**Activity**
Reproduce verbatim the final portion of the material below, from the line containing "this 2352×1568 image." through its last line, and nothing else.
[Data for processing Boundary: Start]
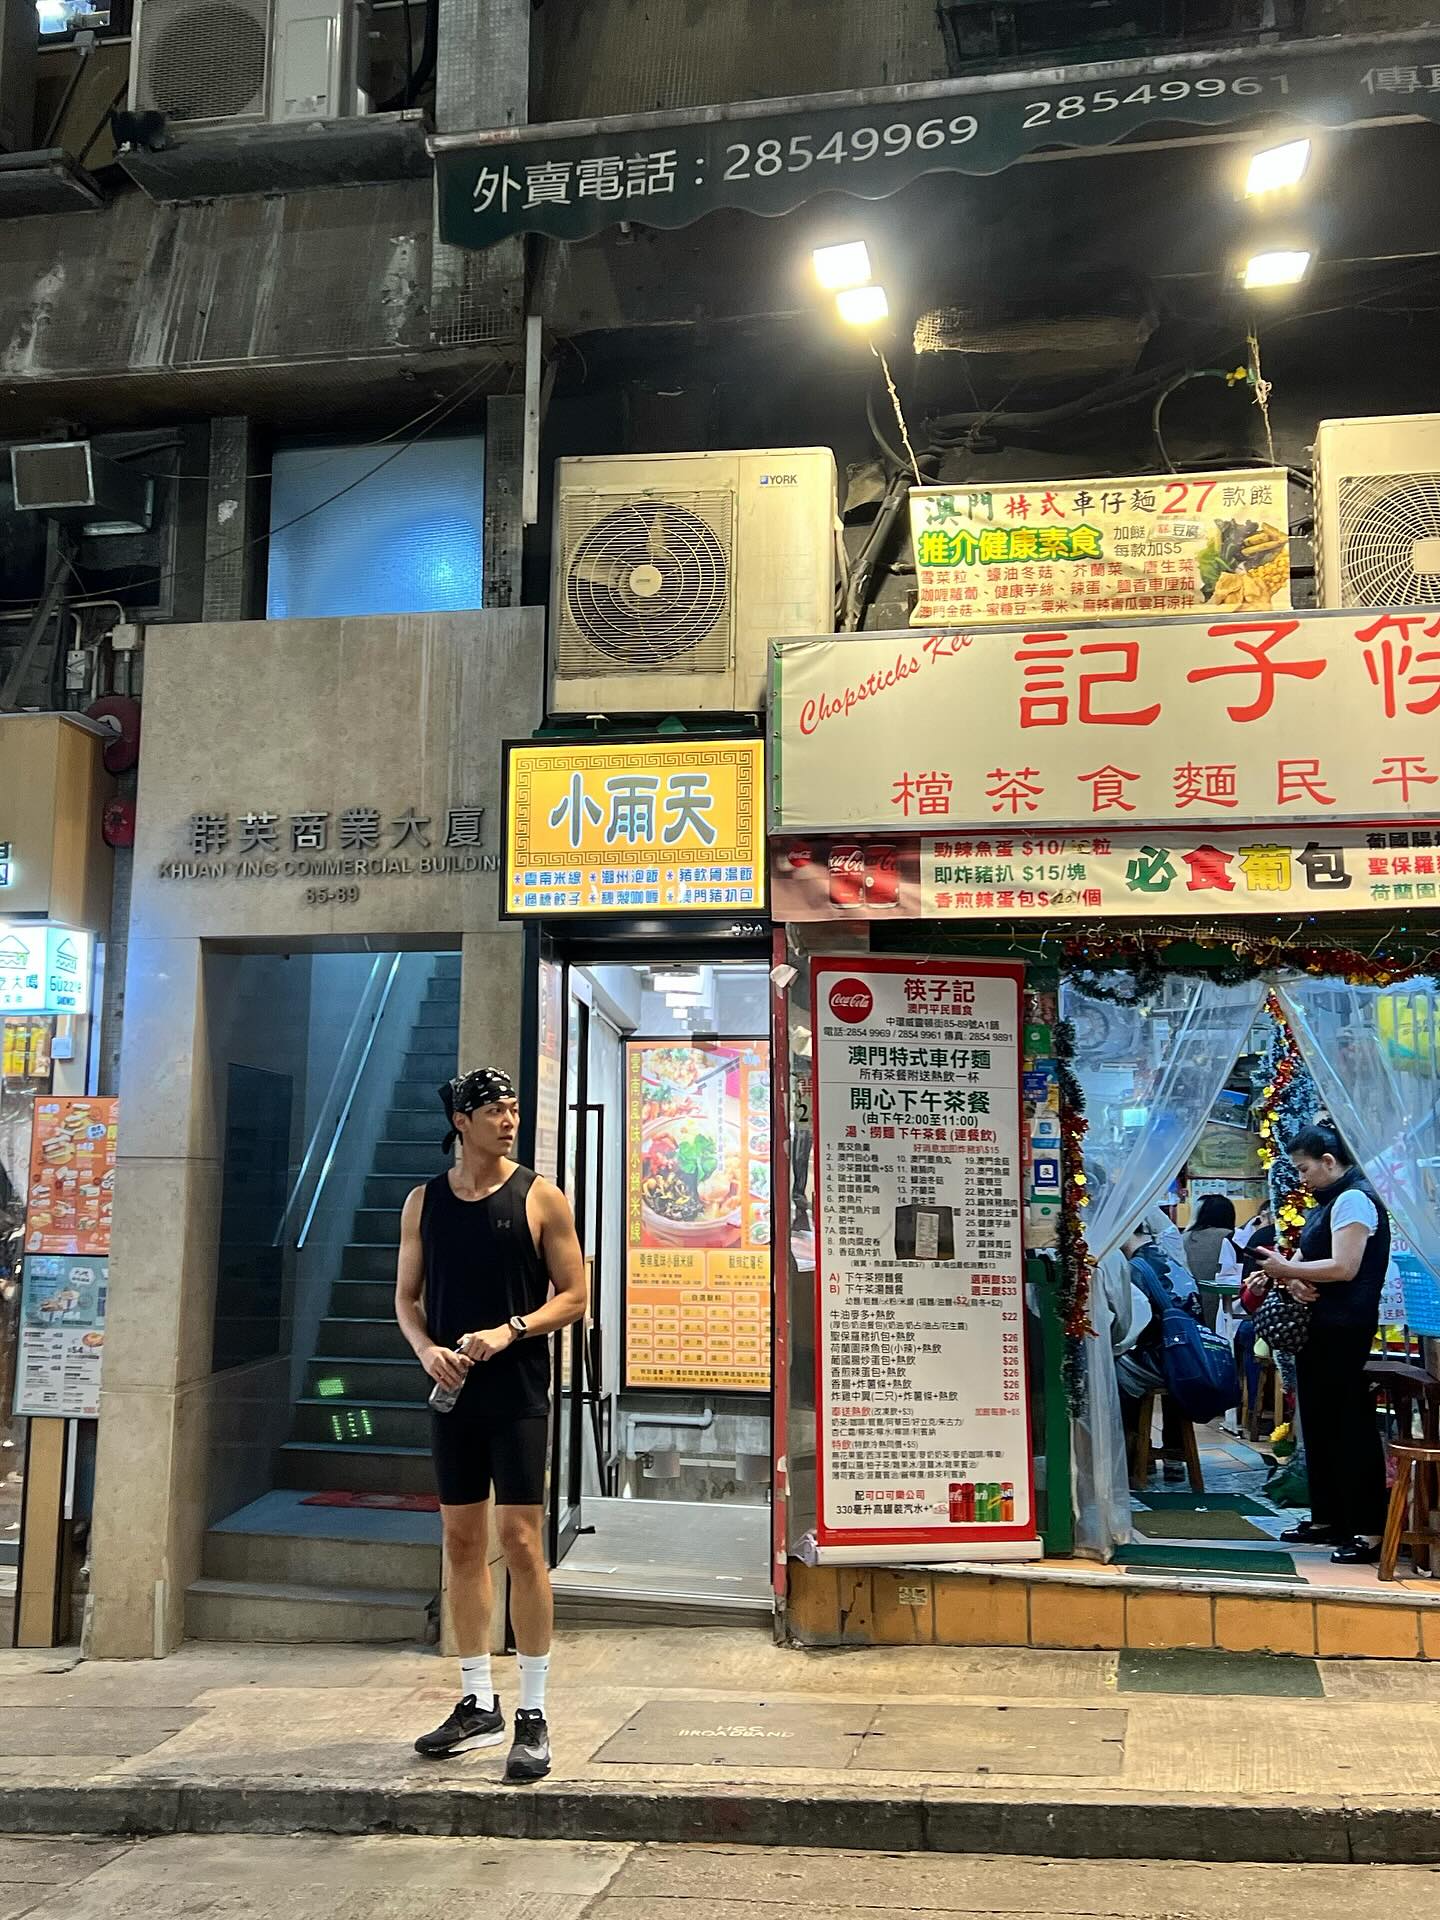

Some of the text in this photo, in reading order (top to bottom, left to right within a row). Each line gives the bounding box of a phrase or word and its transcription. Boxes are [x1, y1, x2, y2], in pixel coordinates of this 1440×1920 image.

[722, 113, 980, 184] 28549969
[1022, 73, 1289, 130] 28549961
[770, 474, 798, 485] YORK
[919, 524, 1104, 566] 推介健康素食
[1114, 541, 1182, 558] 每款加$5
[800, 635, 974, 735] Chopsticks Kee
[548, 772, 718, 848] 小雨天
[933, 841, 1014, 858] 勁辣魚蛋
[1366, 831, 1440, 850] 葡國腸
[158, 860, 226, 881] KHUAN
[234, 859, 279, 878] YING
[284, 857, 411, 877] COMMERCIAL
[934, 863, 1087, 884] 即炸豬扒 $15/塊
[1125, 841, 1353, 893] 必食葡包
[525, 871, 582, 886] 雲南米線
[601, 869, 659, 885] 潮州泡飯
[304, 885, 360, 904] 85-89
[1370, 882, 1440, 902] 荷蘭園
[904, 977, 976, 1003] 筷子記
[907, 1004, 973, 1016] 澳門平民麵食
[869, 1028, 891, 1038] 9969
[898, 1029, 919, 1039] 2854
[920, 1030, 942, 1040] 9961
[969, 1031, 990, 1041] 2854
[848, 1045, 991, 1070] 澳門特式車仔麵
[859, 1068, 980, 1083] 所有茶餐附送熱飲一杯
[850, 1087, 990, 1114] 開心下午茶餐
[862, 1112, 979, 1128] (由下午2:00至11:00)
[900, 1127, 947, 1141] 下午茶餐
[950, 1128, 997, 1142] (連餐飲)
[854, 1489, 926, 1501] 配可口可樂公司
[677, 1729, 796, 1738] BROADBAND
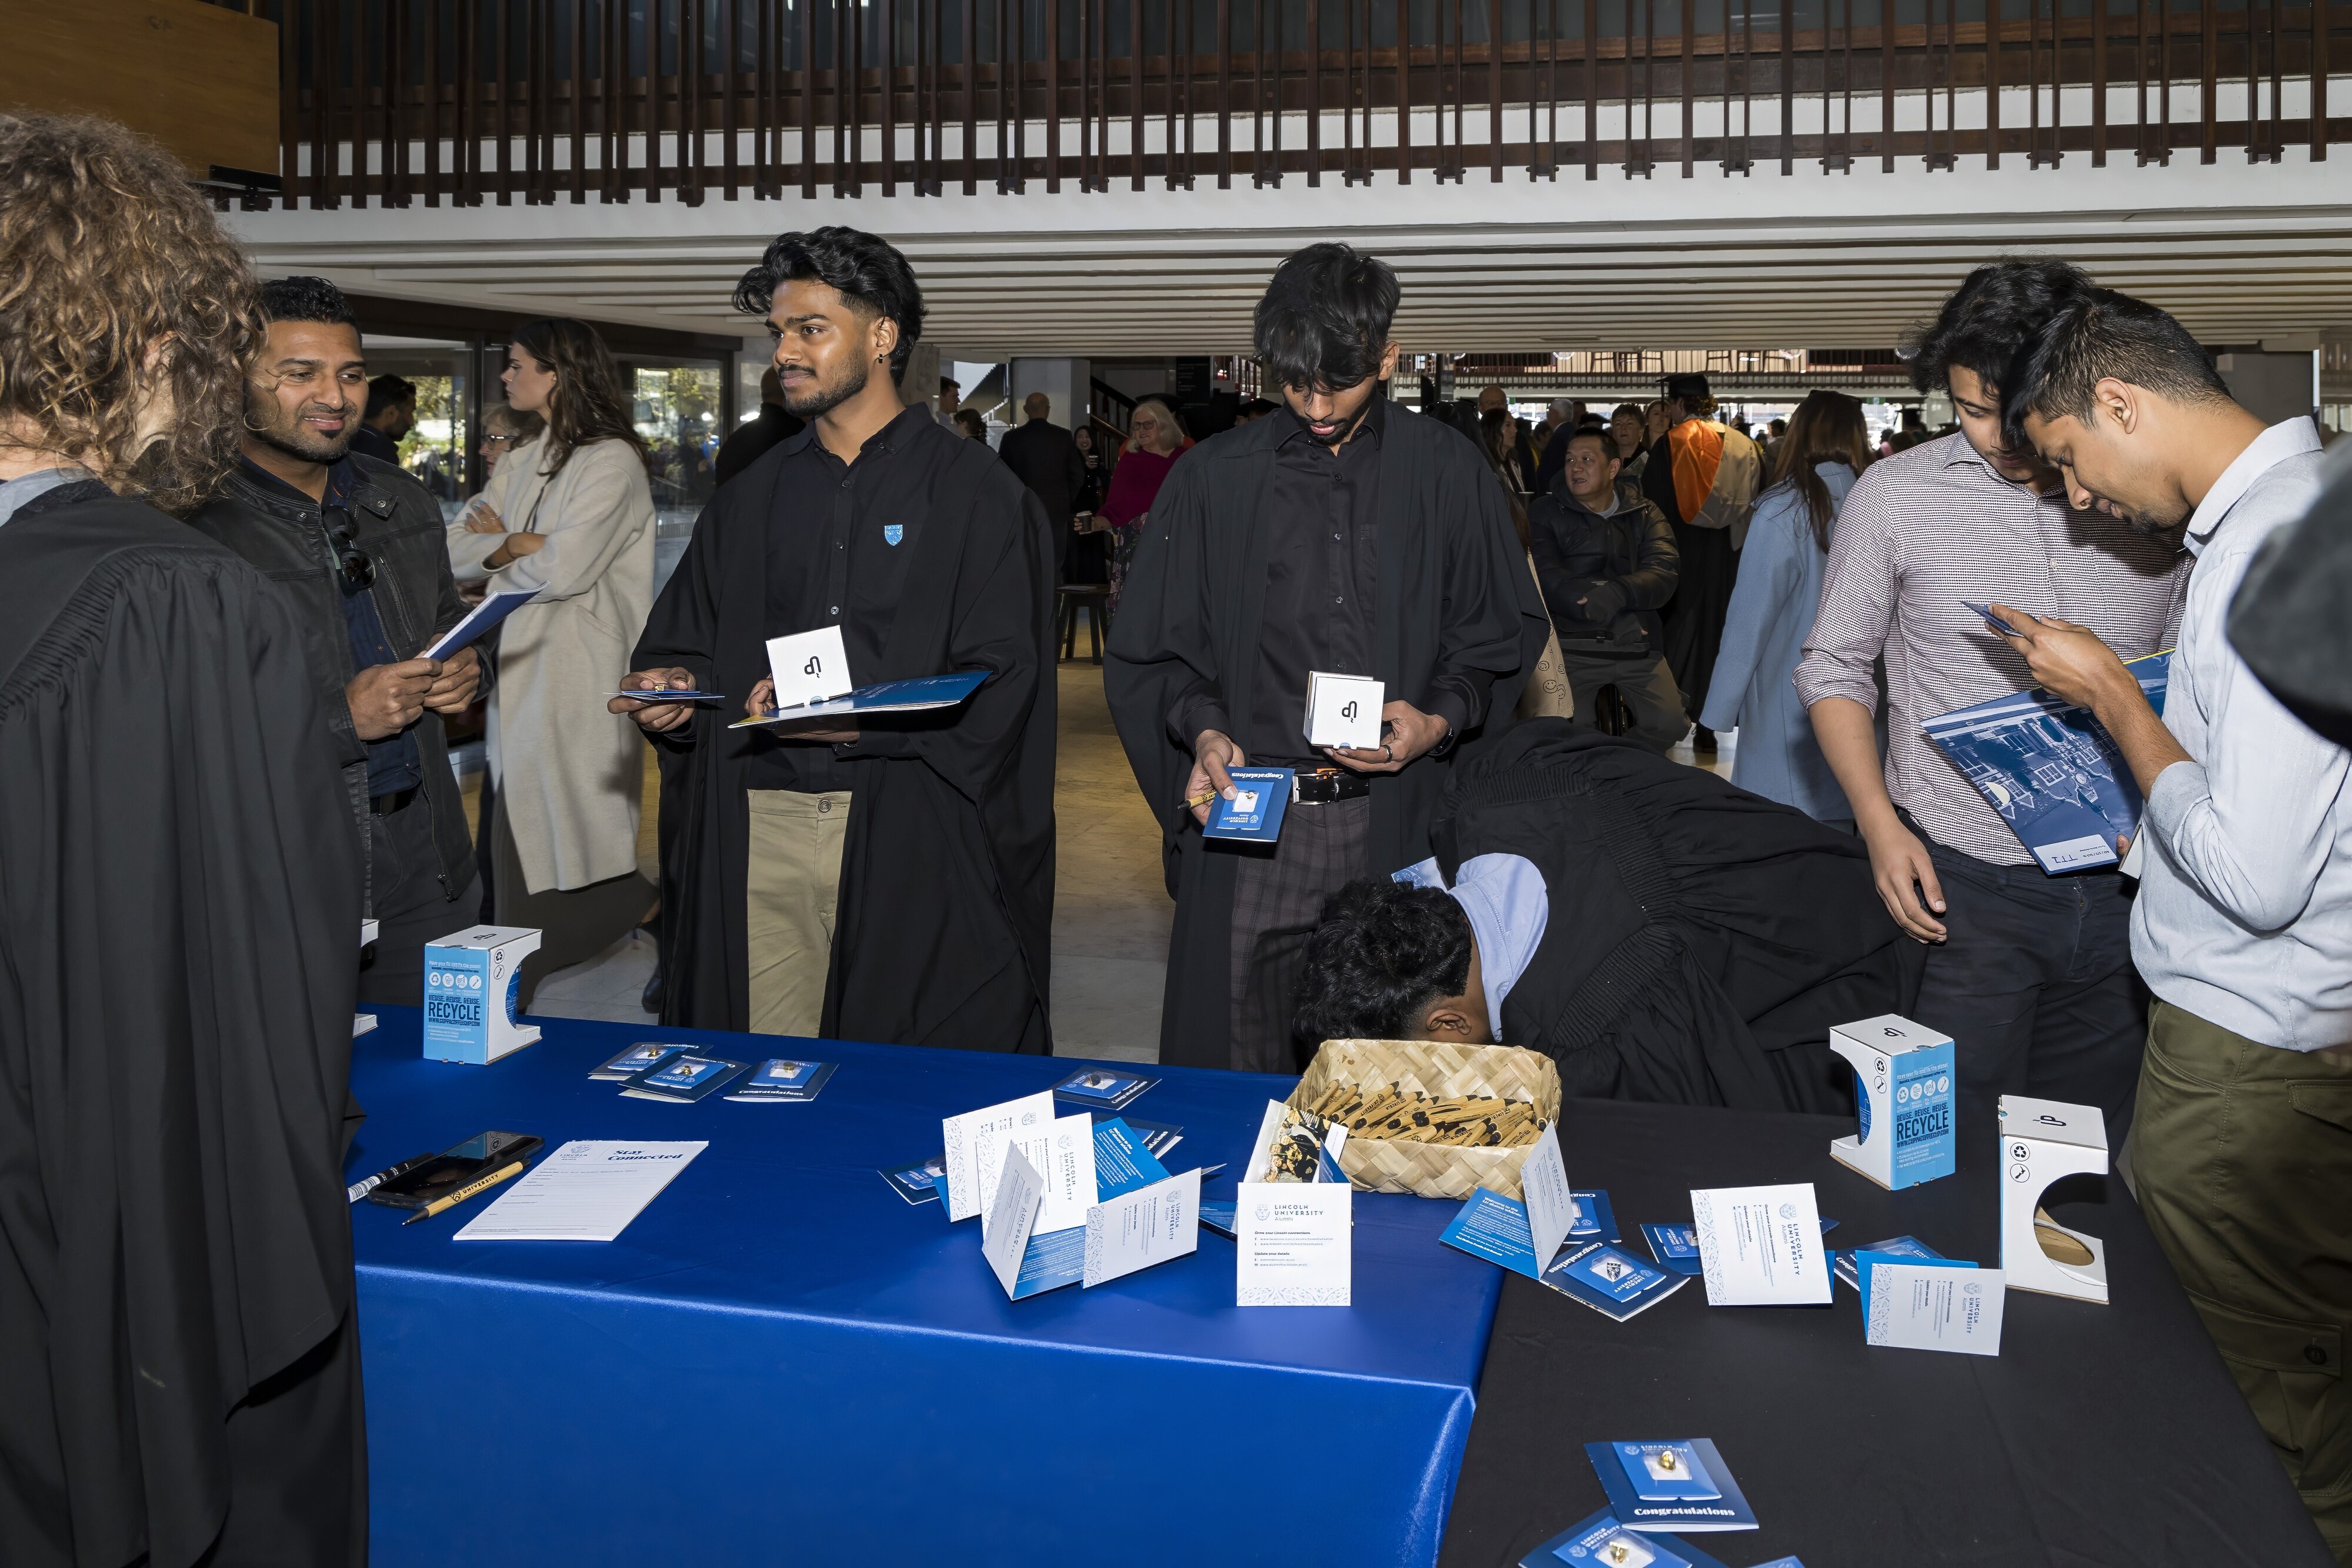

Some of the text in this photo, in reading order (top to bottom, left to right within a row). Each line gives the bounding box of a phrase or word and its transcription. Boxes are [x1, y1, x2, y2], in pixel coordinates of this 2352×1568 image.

[429, 1002, 481, 1020] RECYCLE
[1896, 1110, 1949, 1142] RECYCLE
[462, 1173, 499, 1195] UNIVERSITY
[1064, 1153, 1072, 1201] UNIVERSITY
[1787, 1224, 1800, 1275] UNIVERSITY
[1793, 1223, 1803, 1259] LINCOLN
[1548, 1242, 1603, 1274] Congratulations
[1634, 1507, 1736, 1516] Congratulations
[1580, 1527, 1607, 1546] LINCOLN
[1585, 1524, 1620, 1548] UNIVERSITY
[Data for processing Boundary: End]
**Expected answer**
Some of the text in this photo, in reading order (top to bottom, left to right within a row). Each line gives the bounding box of a phrase or word and its transcription. Boxes are [x1, y1, x2, y2], in pixel coordinates of this 2352×1568 image.

[429, 1002, 481, 1020] RECYCLE
[1896, 1110, 1949, 1142] RECYCLE
[462, 1173, 499, 1195] UNIVERSITY
[1064, 1153, 1072, 1201] UNIVERSITY
[1787, 1224, 1800, 1275] UNIVERSITY
[1793, 1223, 1803, 1259] LINCOLN
[1548, 1242, 1603, 1274] Congratulations
[1634, 1507, 1736, 1516] Congratulations
[1580, 1527, 1607, 1546] LINCOLN
[1585, 1524, 1620, 1548] UNIVERSITY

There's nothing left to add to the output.